Rushdie was recently interviewed by Erica Wagner at the Southbank Centre via a video link from his home in New York (he is understably wary of speaking live on stage). Even if he was only there virtually, it was, nonetheless, genuinely moving to see him there at all, less than two years after that nearly fatal attack in upstate New York. That attempt on his life, from a lone assassin, lasted 27 seconds, ‘a long time’, he said, ‘when the other person is holding a knife’. But he was, apart from the loss of sight in his right eye, ‘repaired’, and his views about freedom of speech were seemingly only strengthened by his harrowing experiences.

Rushdie is, of course, the first and most famous victim of the modern trend of being censored for writing something that others find offensive. But his ‘cancellation’ was very real and visceral: the fatwa issued on Valentine’s Day in 1989 by Ayatollah Khomeni, had lasting political (and personal) implications, which came back to attack him, to drag him back into his past, when he stood up to speak in Chautauqua Institution about the importance of keeping writers safe from harm. Irony stalks him as well. 

All those who remember the death sentence being passed in Tehran will recall how dark a moment it was. We watched copies of ‘The Satanic Verses’ being burned on the streets of England and suddenly we felt a sense of dislocation from our country, from those we lived alongside. Rushdie confessed that even then his irrepressible optimism continued: ‘I knew’ he told the audience ‘that it wouldn’t end then’. One of the most depressing consequences of the fatwa was the pusillanimous response some other writers greeted it with: Roald Dahl, Germaine Greer, John Berger, John Le Carré, amongst others, publicly criticised Rushdie for having the temerity to express himself freely as a writer.  Rightly, the hurt he felt then from their words endures, because as Rushdie said to Wagner, ‘words are the victors: they outlive empires’, and they outlast the lives of their authors, for good or bad.

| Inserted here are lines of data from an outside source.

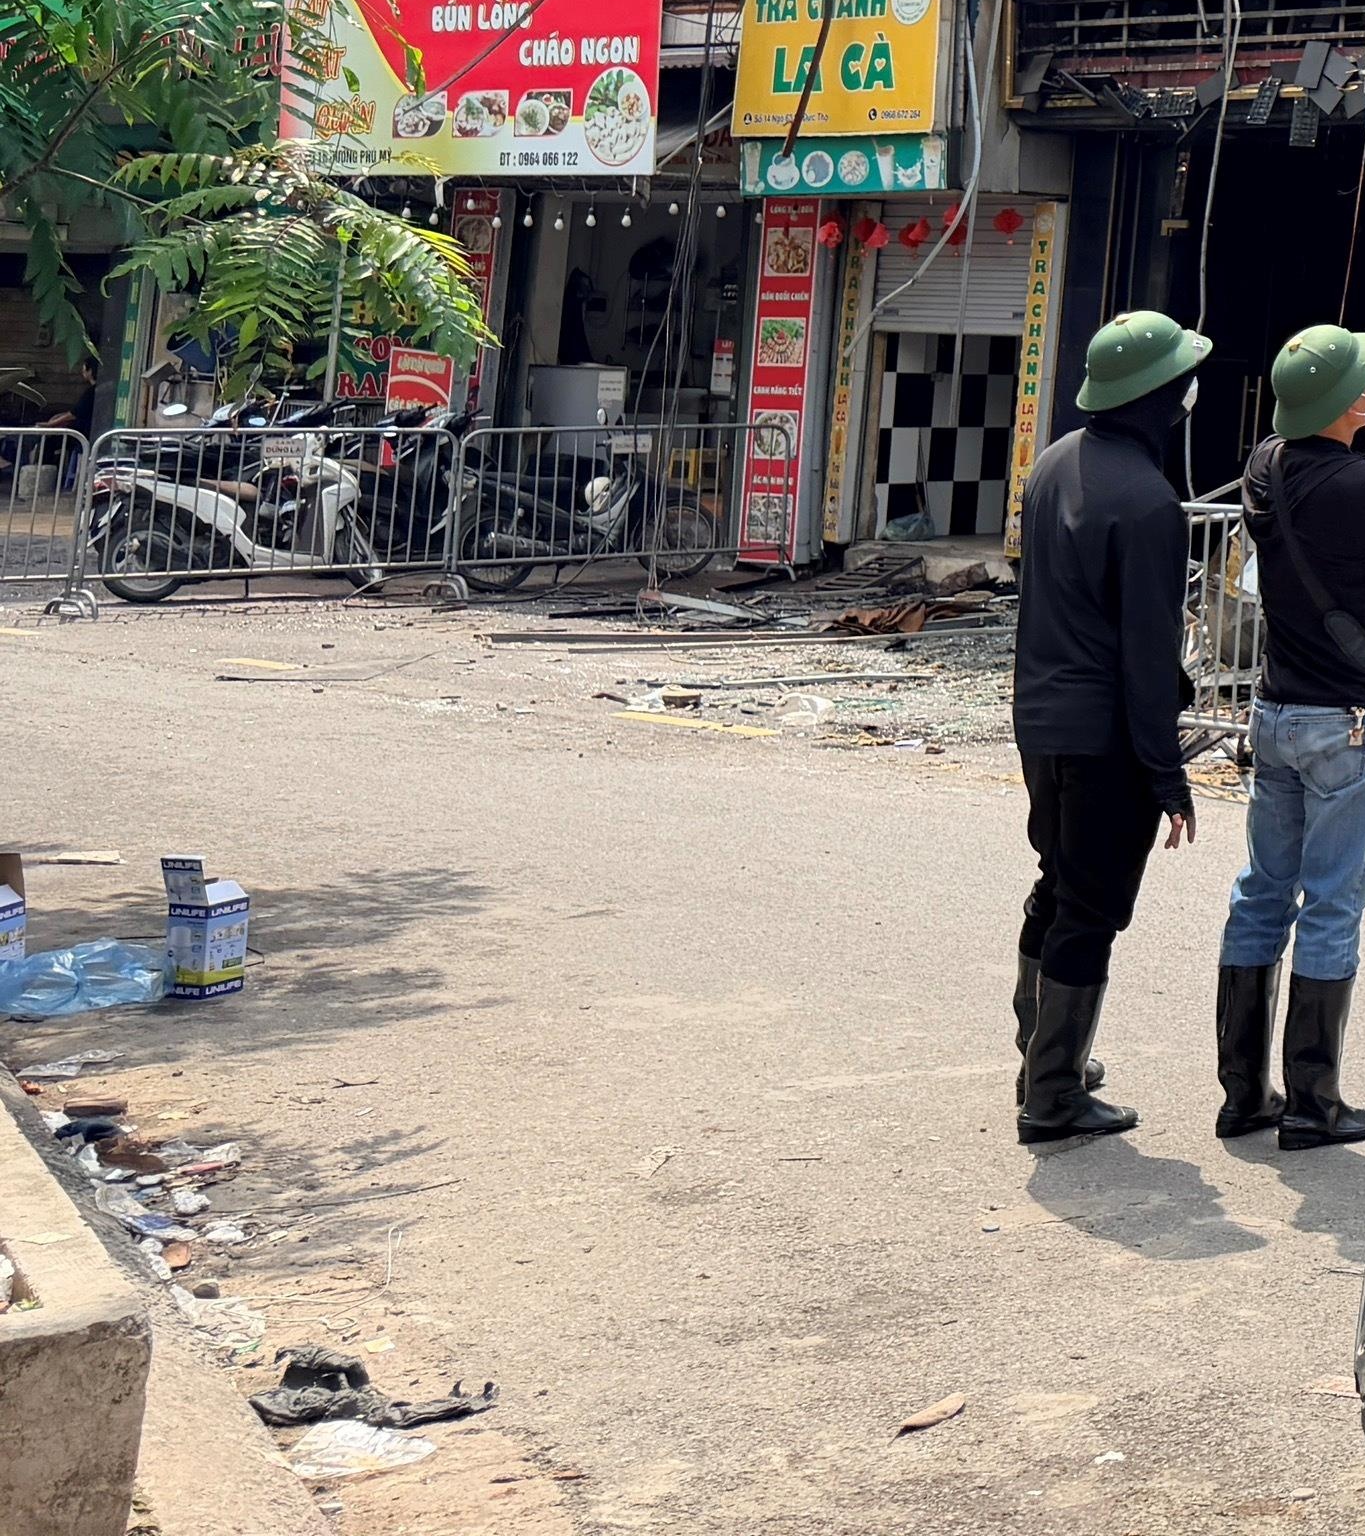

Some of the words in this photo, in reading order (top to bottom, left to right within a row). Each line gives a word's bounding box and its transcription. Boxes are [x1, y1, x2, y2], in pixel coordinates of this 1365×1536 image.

[518, 31, 576, 67] CHÁO
[580, 35, 641, 65] NGON
[771, 44, 824, 95] LA
[840, 31, 896, 93] CÀ
[518, 152, 540, 166] 0964
[562, 152, 579, 165] 122
[170, 907, 207, 918] UNILIFE
[211, 901, 248, 917] UNILIFE
[172, 986, 201, 996] NILIFE
[205, 979, 242, 995] UNILIFE

If the late 1980s were a dark time for freedom of speech then we live, if anything, in an even darker period of intellectual, moral and physical cowardice. But Rushdie’s refusal to be silenced continues to shine a light on those who, because of some contorted form of relativism, refuse to support him in public for fear of causing offence. We know the enemies of freedom of speech are not only those who burn books; they are also those who refuse to stand by the authors being attacked. Le Carré is gone, but in his place we have not just modern day apologists for the fatwa in figures like Bernardine Evaristo, and institutions that she, as President of the Royal Society of Literature, represents. They are determined to remain ‘neutral’, when such a position is in itself a partisan, political, and cowardly act. At the end of ‘Knife’ Rushdie quotes John Locke, who wrote: ‘I have always thought the actions of men are the best interpreters of their thoughts’. To that you can add inactions as well. 

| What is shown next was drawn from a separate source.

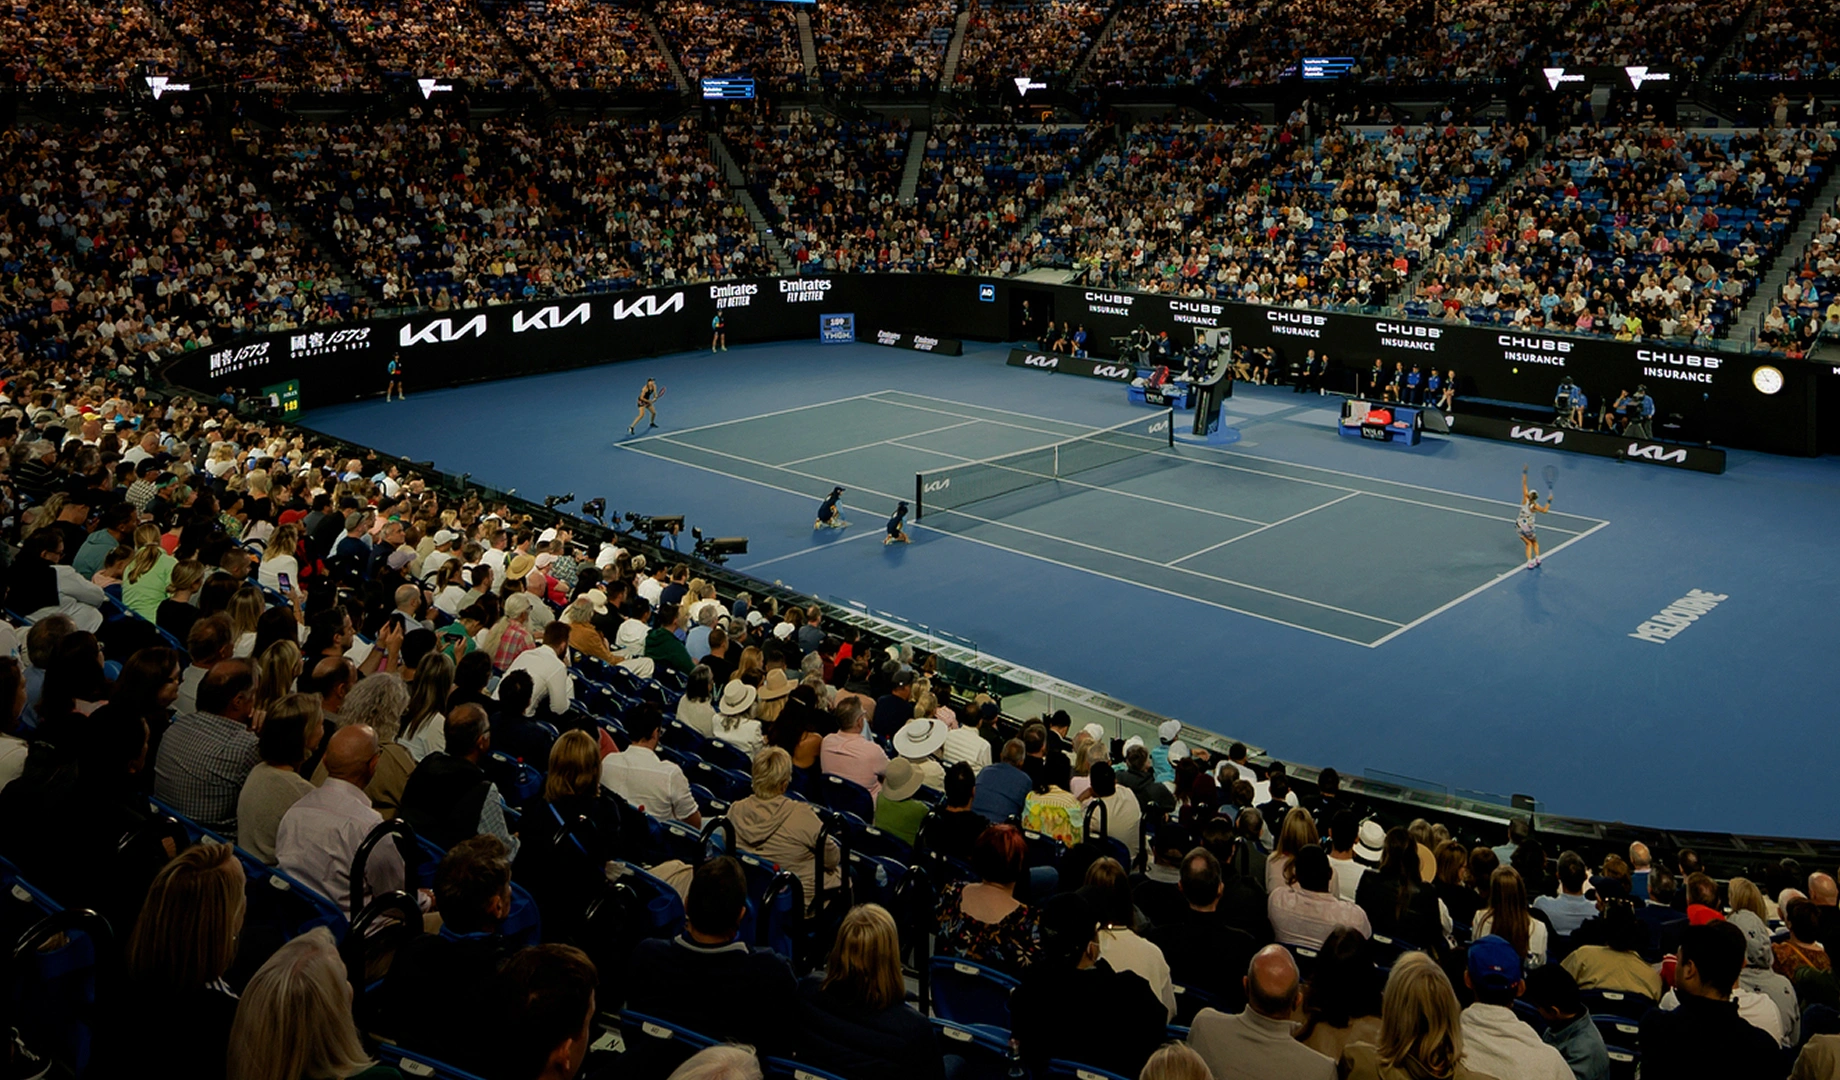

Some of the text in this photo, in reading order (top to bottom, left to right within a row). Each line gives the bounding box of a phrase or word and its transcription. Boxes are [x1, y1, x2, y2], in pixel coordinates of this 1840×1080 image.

And that, perhaps, is the crucial difference between the 80s and now: it is institutions, as well as influential individuals, that show a similar lack of moral strength. Birbalsingh, Cass, and Rushdie, have predictably been met not with universal relief by those who benefit from living in a country that allows freedom of expression, but with threats of violence, of calls for censure. Wagner asked Rushdie why, for such a rationalist, his books continue to contain moments of magic, and of miracles. ‘Because’, he said, ‘the world has abandoned reality. We live in a world of surrealism’. Rushdie’s survival was one of luck and the miracle of science, of empirical knowledge, and of hope and love. His presence continues to remind us that we need these qualities now more than ever, but too often they are at risk from both the forces of darkness that have followed him since that unlovely St Valentine’s day in 1989, but now they are also joined by those who look upon such terrible acts and say nothing in case they offend those who prefer to use knives, not words, to censor and silence.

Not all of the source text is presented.